Now, Scott, I _know_ that wink wasn't in the original!


----------



## Gryphonette (Jan 27, 2007)

Scott Bushey said:


> One of the major issues with 'them' is that they are saying that historically, the reformed held to these ideas. i.e Murray, Calvin, and a few others often quoted.



My point, however, isn't whether or not _some_ Reformed at _some_ time have _ever _held to their ideas so much as whether their particular denominations have historically and traditionally held them.

An easy illustration is whether the Church is described as visible/invisible versus historical/eschatological.

To be fair to them, the historical/eschatological theory is certainly an interesting one, and might even have an awful lot going for it, theologically speaking.

Only problem is, that's not how the PCA, for instance, or Presbyterianism in general, has ever described the Church. 

They're citing the Reformers in the same way the ECF's will be searched and quoted to support prayers to the dead or something like that. Just because there's a verse in Revelation that _could_ sound like believers on earth praying to believers in glory, and just because some ECF's wrote stuff that at least appears to support that belief, doesn't mean it's incumbent upon the rest of us to accept praying to the dead as a valid doctrine.

It's not what OUR faith tradition holds.

If the new "standard" for Reformed denominations is that _anything_ can be taught from the pulpit so long as the one teaching it _personally_ believes it to be biblical, not _against _the WCF, plus can dredge up a citation or two from Calvin or Murray that sounds as if it's in agreement, then be assured I'll be over here in my nondenominational Bible church keeping a seat for y'all, for your denominations are going to fall apart in short order.

Remember, God is a God of order, 'tis true, but we live in a fallen world due to sin, where disorder rules unless we strive hard to keep it at bay. Permitting such a lax standard for what is taught to exist is guaranteed to lead to doctrinal disorder, which will eventually be the end of your respective denominations.


----------



## Machaira (Jan 27, 2007)

AV1611 said:


> And I thought our moto was _reformada, semper reformanda_?



Regarding this, I just heard Doug Wilson as he was being examined, lament that "reformada, semper reformanda" is a Reformed rallying cry until someone actually attempts it. This is absurd seeing that the FV proponents are really talking about a major overhaul of Reformed doctrine, not reform. Do these men really think that we have been so out of whack with Biblical doctrine for the past 300+ years that no one noticed until they came along? 

(I know you're not arguing in favor of FV. I'm just musing here.)


----------



## bookslover (Jan 27, 2007)

SemperFideles said:


> I think some of you are missing an excellent point that was made in the OP. Nobody has argued that the Confessions are infallible or cannot be reformed. The issue is this: What is the role of private interpretation within the context of a larger Church body?
> 
> _Solo_-Scriptura is the idea that there exists no authority between the words of Scripture and Rich for him to determine the proper meaning of Scripture.

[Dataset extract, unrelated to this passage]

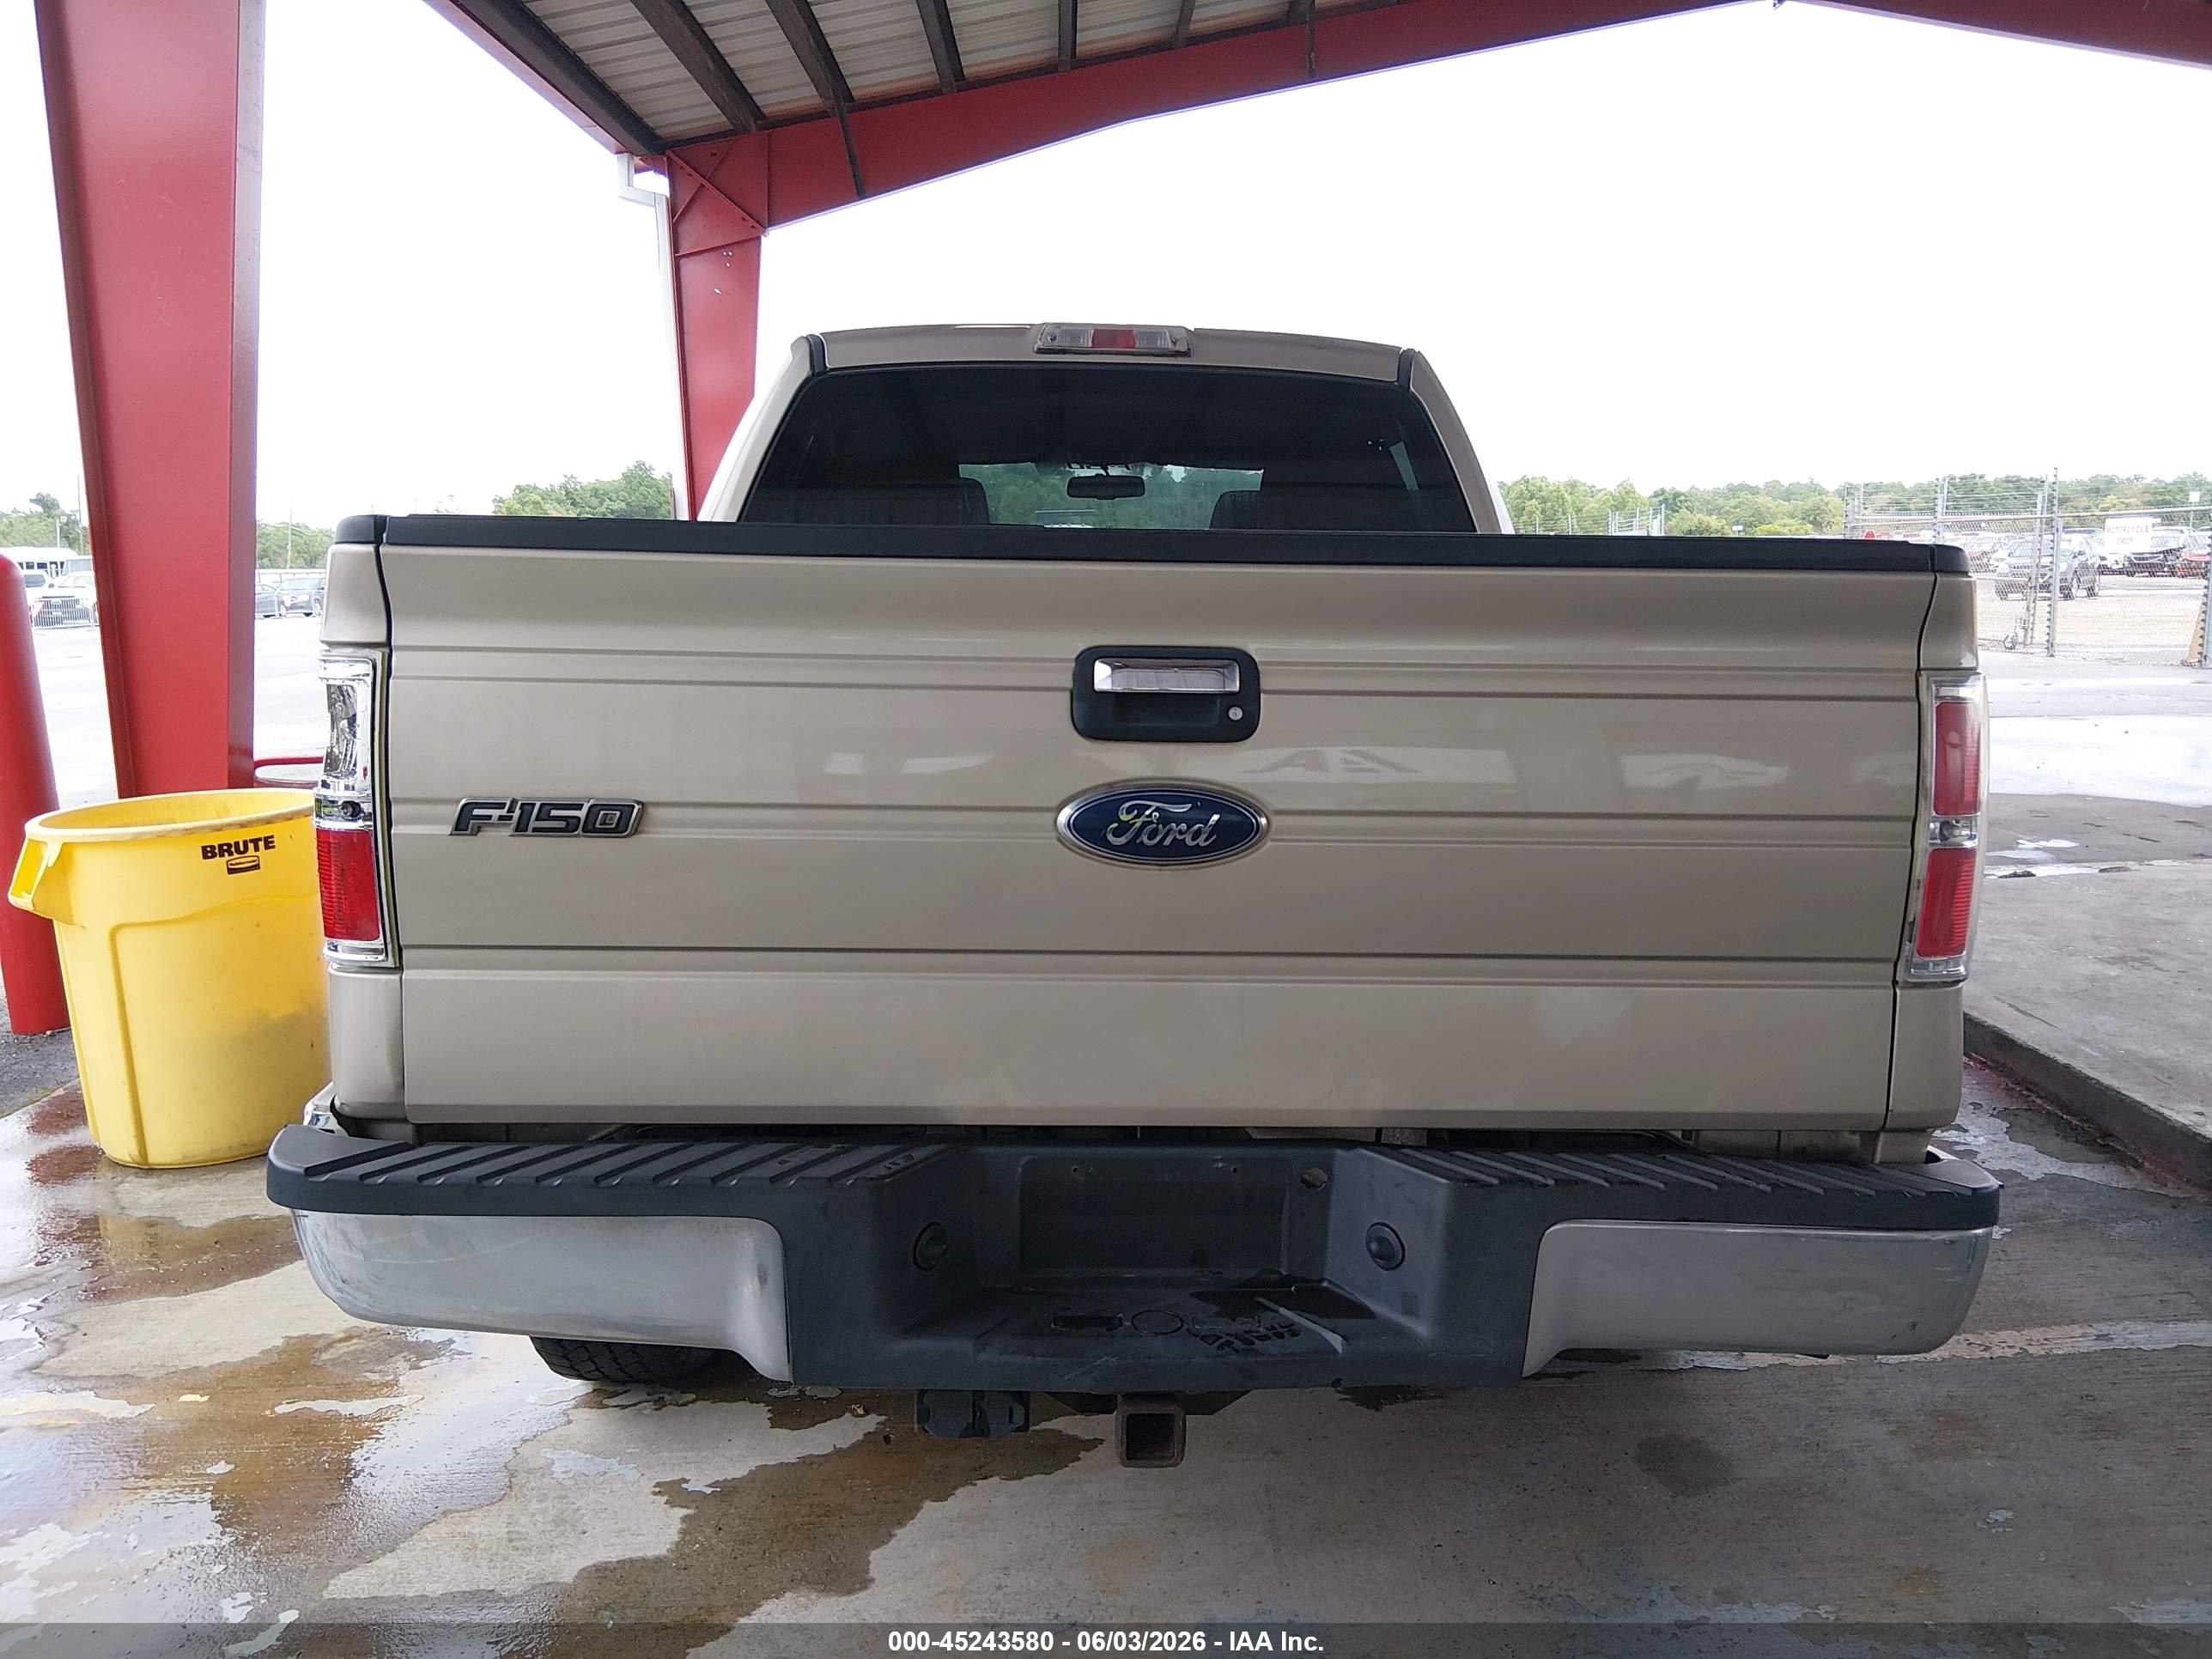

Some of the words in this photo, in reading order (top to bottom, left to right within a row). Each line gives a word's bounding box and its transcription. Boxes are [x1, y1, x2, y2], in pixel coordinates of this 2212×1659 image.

[449, 798, 644, 837] F-150
[1105, 799, 1221, 847] Ford
[201, 835, 276, 860] BRUTE

If my interpretation differs, I can merely point to the fact that I believe in "Scripture Alone" for my authority and don't need a Church at all to tell me what it means. Adultery? Well _I_ read the Scriptures to be saying that it's OK. Elders in my Church have no authority to compell me to submit to the _proper_ interpretation of the Word of God because nothing stands between me and the Bible.
> 
> ...



Part of the problem is that Protestantism, and the Reformed church in particular, has no central doctrinal authority, like the Roman Catholic magisterium (or whatever they call it). Back in the earliest centuries after the canon was closed, those first four or five church councils of the early church fathers were considered authoritative because the church of the Roman Empire was small enough so that those early councils could speak authoritatively for everyone. But now the church is so large and fractured (how many microdenominations are there now among the Reformed?) that no one speaks authoritatively for anyone, anymore.

For example, the OPC could gather all its theologians together as a council and decide that X passage of Scripture should be interpreted in X fashion, or that X doctrine needs to be redefined in X manner, and that would be considered an authoritative ruling - but only within the OPC. The PCA could look at the OPC's conciliar decisions and say, "Well, that's nice for them, but we're not interested. We'll stick to the old way of interpreting that passage or doctrine."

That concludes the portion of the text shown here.